Published in Miami Herald 12/23/2001 two days after Monsignor’s passing.
He was my friend. And yours. Even if you didn’t know that . Maybe you didn’t even know him. He shared with everybody his great warmth and an Irish smile and arms wide open. No one embraced our community with more honest love and compassion than Monsignor Bryan Walsh.
We were friends for years, but I never called him by his first name. He always was “Monsignor”. Despite his insistence. I never could, even on vacation. That was the way I was raised. The way I will always think of him. Most of all, it was the respect he deserved.
His obituary Friday reminded us of his fame for what he did to bring 14,000 Cuban children to America so that they would not grow up under a Communist dictatorship. But the greatness of the man, the Monsignor, is that he stood up for everybody. Every shade of skin. He was Irish Catholic to the core, and catholic-universal-just as deep.

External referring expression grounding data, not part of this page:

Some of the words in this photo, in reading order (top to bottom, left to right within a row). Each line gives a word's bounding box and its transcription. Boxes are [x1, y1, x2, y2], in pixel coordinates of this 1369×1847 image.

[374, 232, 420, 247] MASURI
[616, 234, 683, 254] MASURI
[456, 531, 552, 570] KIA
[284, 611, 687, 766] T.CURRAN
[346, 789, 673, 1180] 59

If the Cubans hurt, he hurt and helped. If the Haitians hurt, he hurt and helped. If the African Americans hurt, he hurt and helped. If Jewish people hurt, he hurt and helped. That went for everybody.
A stereotypically “simple parish priest” he wasn’t. When the Dr. Joe Greer and Lawrence families went to Ireland with him as a guide a few years ago, we were not permitted to be frugal if it meant missing staying overnights in two expensive castles. He had sailboats, not big ones, in the two countries he loved the most-this one and his native Ireland, where he lived and wandered in his tiny boat for weeks on end.

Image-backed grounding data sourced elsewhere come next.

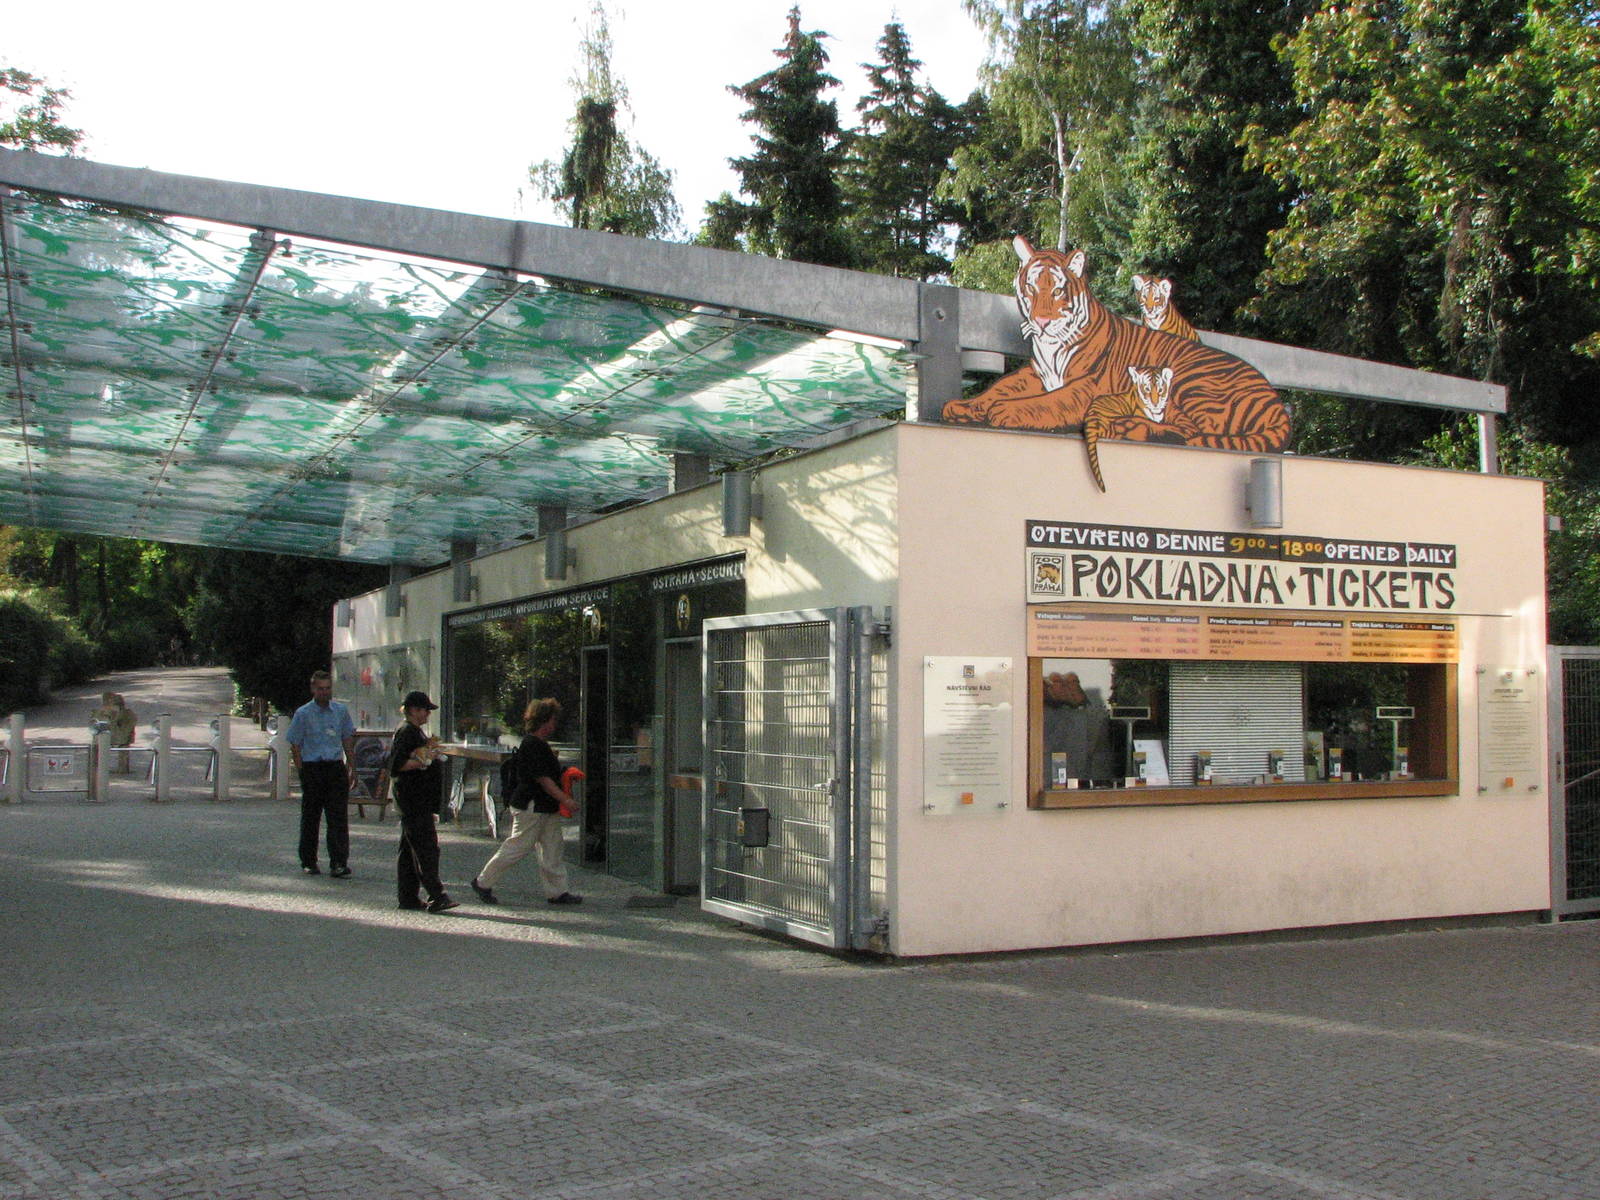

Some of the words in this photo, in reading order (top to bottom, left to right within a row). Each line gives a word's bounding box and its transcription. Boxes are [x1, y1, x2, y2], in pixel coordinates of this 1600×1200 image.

[1031, 525, 1149, 547] OTEVŘENO
[1156, 532, 1225, 552] DENNĚ
[1324, 541, 1400, 562] OPENED
[1406, 546, 1454, 564] DAILY
[1035, 557, 1061, 565] ZOO
[652, 570, 696, 590] OSTRAHA
[1034, 582, 1061, 592] PRAHA
[1072, 554, 1284, 603] POKLADNA
[1299, 566, 1456, 610] TICKETS
[516, 595, 568, 615] INFORMATION
[570, 586, 609, 605] SERVICE

He loved to eat, and he loved to talk. He was a good listener, too. He was a student of history and a man who loved books and loved to discuss them. What he loved-Ireland quickly comes to mind- he took great joy in sharing.
Yes, he took time to smell the roses. I don’t remember him any happier than when he took us on a mid-afternoon stroll through an Irish park filled with roses.
They guy grew up in the grimy city of Limerick just around the corner from Frank McCourt, who later described those times in the bestseller Angela’s Ashes. He never forgot where he came from.
More than half of us in this community were born, like the Monsignor, in another country; most of the rest of us came from somewhere much different from Miami. No one worked harder than Monsignor Walsh to bring us together.
He loved politics, and he loved people. He wasn’t shy about saying what he thought. He said and thought things about how best to achieve a democratic Cuba, and other difficult matters, that others just didn’t like. Others took positions that were “easier”, more politically palatable. Not the Monsignor. He spoke up. Always graciously. Never harshly. A gentleman. A gentle man.
There are in our midst people of rock-hard integrity, people of gracious good humor, people of God-loving values, people of energetic purposefulness-and the very few who are all of these. Thank God for bringing us Bryan Walsh.